[Python-Dev] Fwd: Removal of GIL through refcounting removal.

Michael Foord fuzzyman at voidspace.org.uk
Thu Oct 30 19:37:03 CET 2008


Guido van Rossum wrote:
> On Thu, Oct 30, 2008 at 10:31 AM, Eric Smith <eric at trueblade.com> wrote:
>   
>> Guido van Rossum wrote:
>>     
>>> No offense taken. The V8 experience makes me feel much more optimistic
>>> that they might actually pull this off. (I'm still skeptical about
>>> support for extension modules, withougt which CPython is pretty lame.)
>>>       
>> The need to modify all extension modules is the usual non-starter I see
>> mentioned when this topic comes up. The OP really needs to think about that
>> issue.
>>     
>
> It's a non-starter for immediate world-domination. But if they get the
> core to be significantly faster I expect there will be motivation to
> port extensions. There's also the PyPy effort to replace extension
> modules with ctypes-based wrappers. I could also imagine that
> extensions could be run in a sandbox that *does* use the equivalent of
> the GIL.
>
>   
For IronClad [1], an implementation of the Python C API in C# to allow 
you to use Python C extensions from IronPython, we take a hybrid 
approach to garbage collection.

We hold a strong reference to objects created by extensions (preventing 
.NET from garbage collecting them) and allow the extension to manipulate 
the reference count in the usual way.

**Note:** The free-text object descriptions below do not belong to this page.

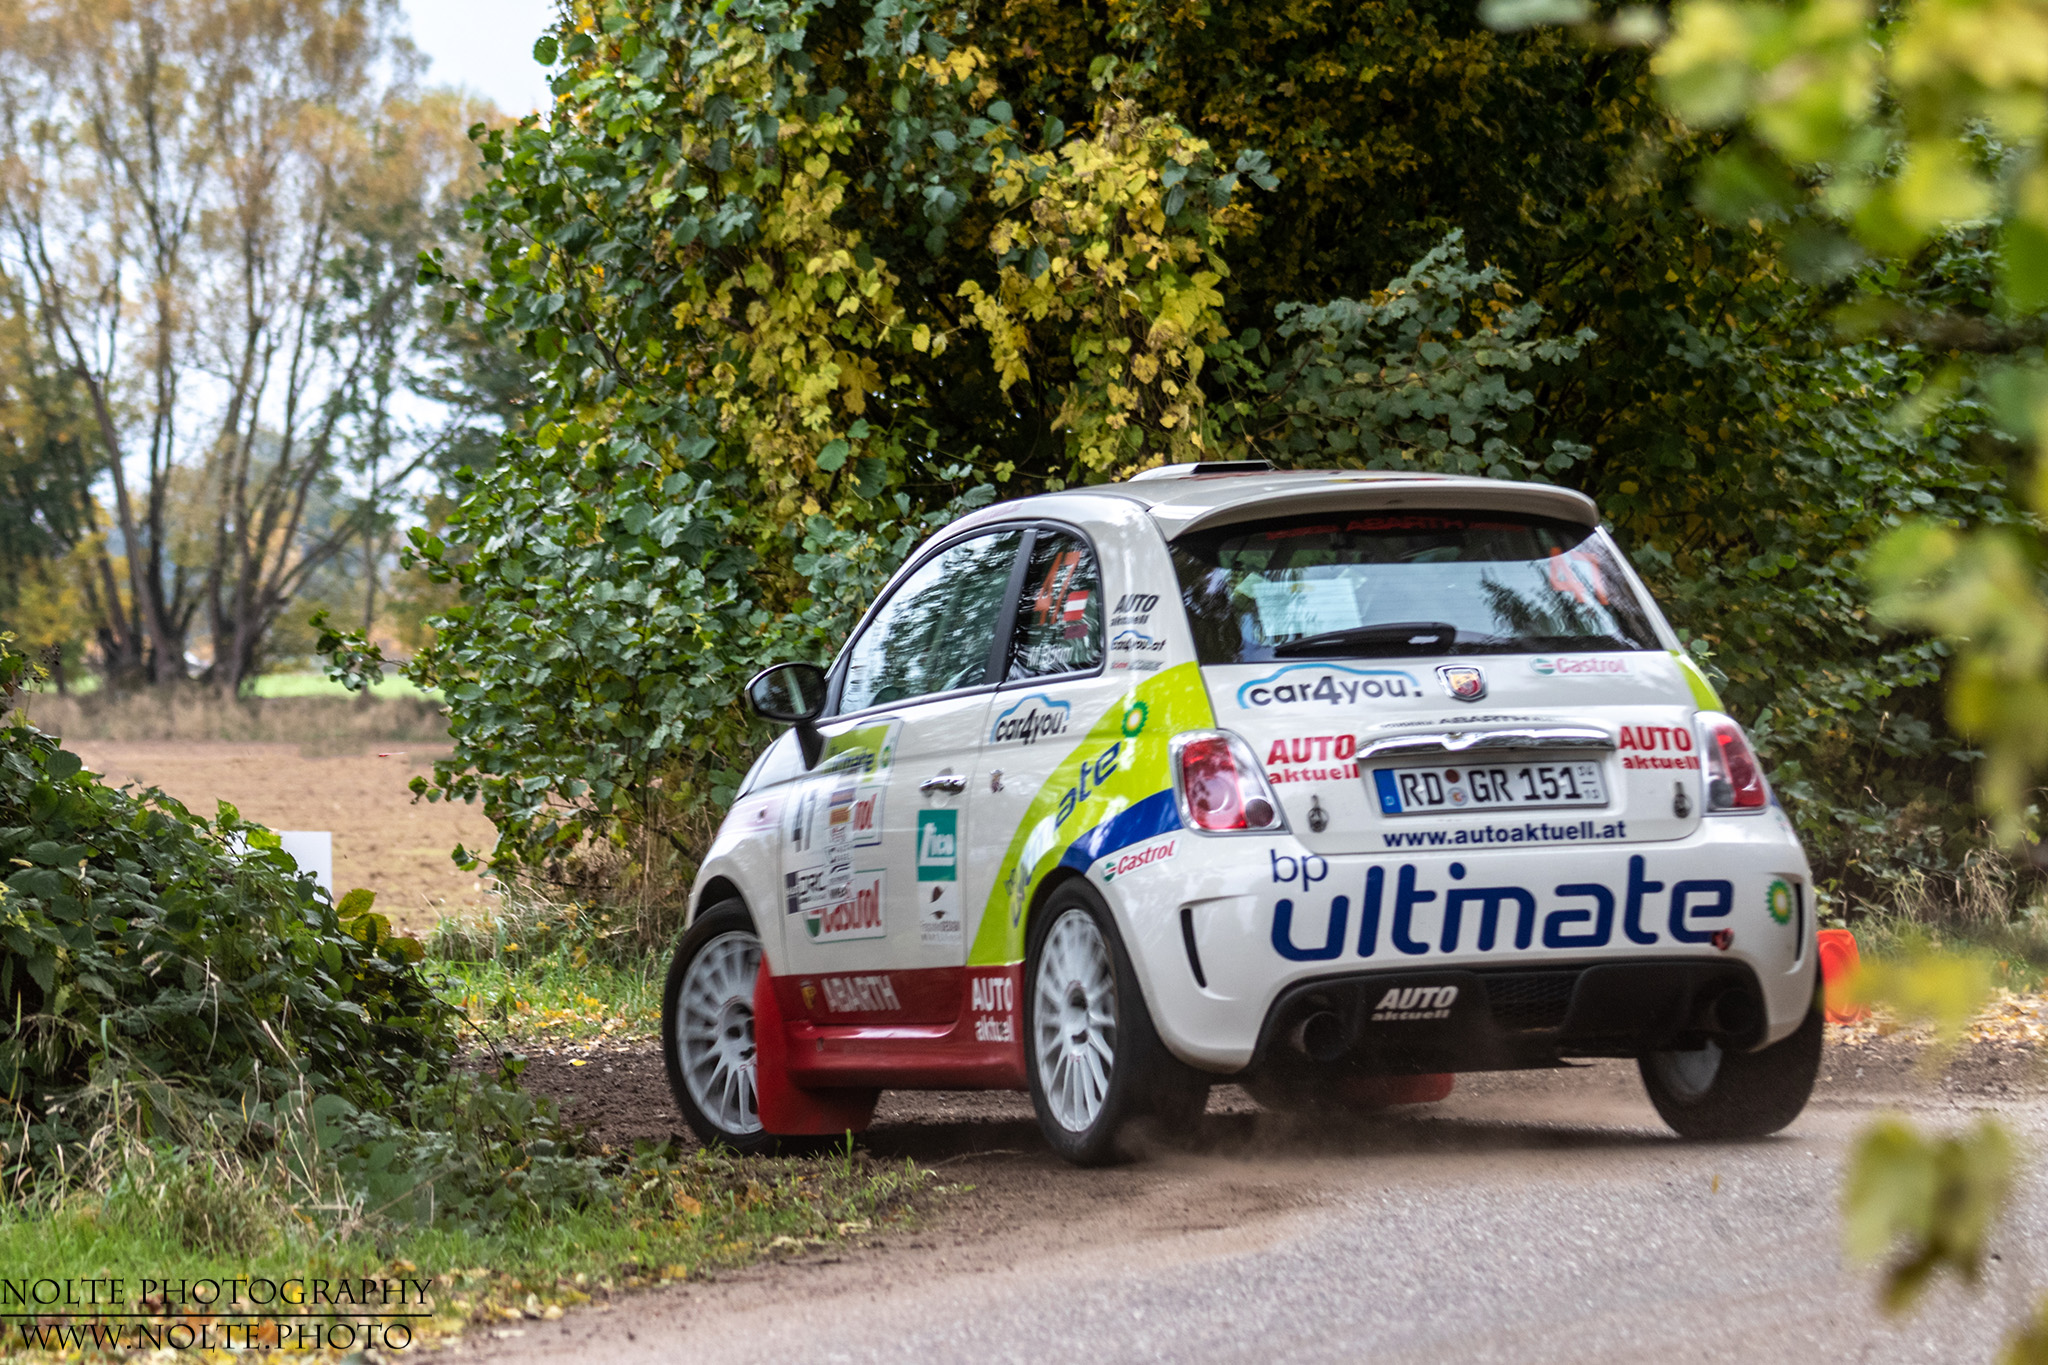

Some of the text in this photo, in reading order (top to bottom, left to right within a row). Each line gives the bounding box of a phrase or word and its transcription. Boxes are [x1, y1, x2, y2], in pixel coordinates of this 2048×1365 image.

[1112, 593, 1160, 615] AUTO
[1556, 657, 1629, 674] Castrol
[1250, 675, 1424, 706] car4you.
[1266, 734, 1357, 766] AUTO
[1619, 725, 1692, 751] AUTO
[1269, 763, 1360, 785] aktuell
[1622, 754, 1700, 770] aktuell
[1400, 772, 1446, 807] RD
[1467, 769, 1514, 803] GR
[1518, 766, 1582, 801] 151
[1383, 821, 1627, 847] www.autoaktuell.at
[1117, 840, 1175, 877] Castrol
[1269, 848, 1329, 892] bp
[1270, 854, 1734, 962] ultimate
[820, 974, 902, 1012] ABARTH
[971, 976, 1014, 1012] AUTO
[1374, 985, 1459, 1010] AUTO
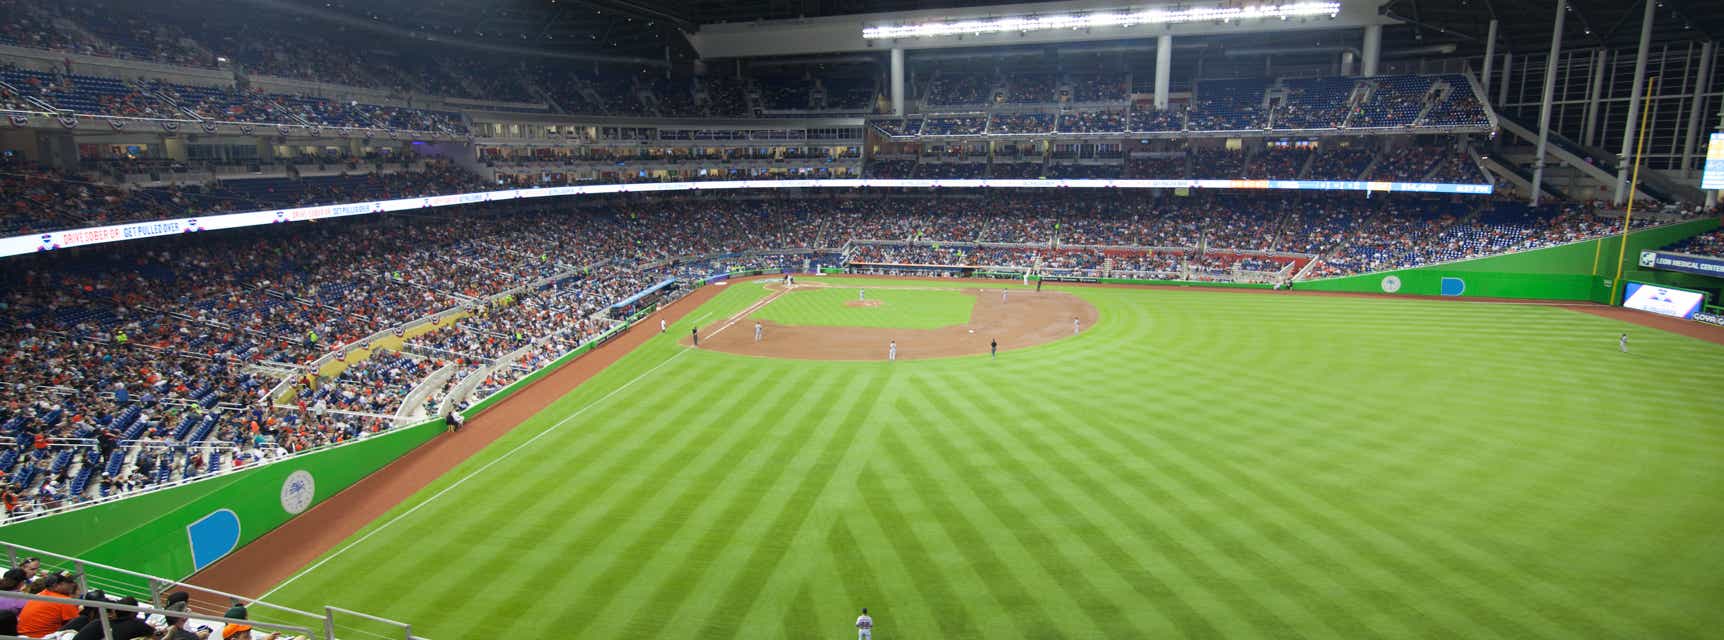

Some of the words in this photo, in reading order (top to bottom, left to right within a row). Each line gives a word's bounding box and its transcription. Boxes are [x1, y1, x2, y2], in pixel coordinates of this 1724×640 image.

[85, 230, 107, 242] SOBER
[123, 226, 136, 237] GET
[138, 223, 161, 235] PULLED
[163, 222, 179, 233] OVER
[1672, 260, 1699, 269] MEDICAL

Periodically we scan our "managed 
objects" [2] to see if there are objects whose reference count has 
dropped to zero and we then delete our strong reference - allowing 
garbage collection to happen normally.

We have also implemented a GIL for the C extensions even though 
IronPython has no GIL.

Simple extension modules can already be used with IronPython through 
Ironclad, and for Numpy (our goal) arrays can be created and used and we 
are working on 'everything else'.

Moving more C extensions to an implementation based on ctypes would be 
enormously useful for PyPy, IronPython and Jython, but ctypes is not yet 
as portable as Python itself which could be an issue (although one worth 
resolving).

Michael Foord


[1] http://code.google.com/p/ironclad
[2] Strictly speaking they are managed objects of unmanaged types, but 
we really need a better way of talking about them.